# Variations in which feature(s) of string theory give rise to so many possible Universes?

The string theory landscape comprises $10^{500}$ (give or take some) different Universes. What feature(s) of string theory you have to vary to "go" from one Universe to the next?

$10^{500}$ is an approximate number of possible $6D$ Calabi-Yau compactifications of String Theory, which is purely geometrical fact (look at this book on Mirror Symmetry for a very detailed and thorough discussion of the subject). For lower dimensional compactifications the situation is much simpler -- just $S^1 \times S^1$ for $2D$ case, and $S^1 \times S^1 \times S^1 \times S^1$ or so-called K3 manifold for $4D$ case.

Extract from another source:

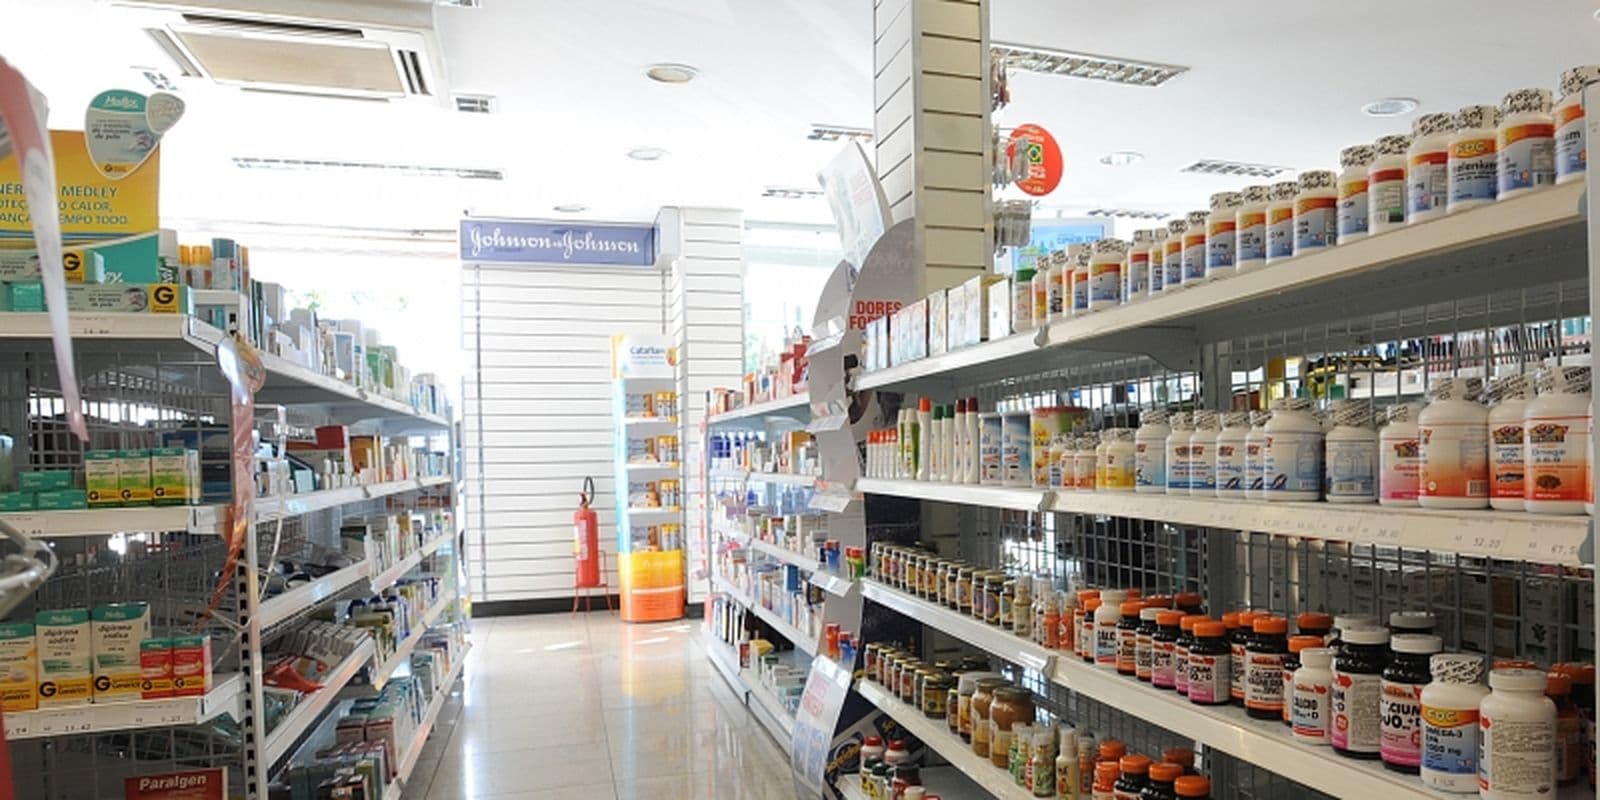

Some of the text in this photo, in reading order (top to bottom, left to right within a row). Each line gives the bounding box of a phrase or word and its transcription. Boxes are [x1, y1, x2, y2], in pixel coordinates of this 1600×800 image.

Calabi-Yau compactifications are relevant, if one restricts the VeV's of background fields to be zero. In principle, it doesn't have to be the case, and there are many very interesting and important solutions of String Theory with non-zero background fields. For example, Type IIB String Theory on $AdS_5 \times S^5$ background with non-zero flux of 5-strength of 4-form field through $S^5$, which appeared to be dual to ${\cal N}=4$ Super Yang-Mills theory in $4D$. There are also many possible flux compactifications in the form $\mathbb{R}^4 \times M_6$, where $M_6$ is a compact manifold with non-zero fluxes of certain String Theory fields through it (see, for example, this review).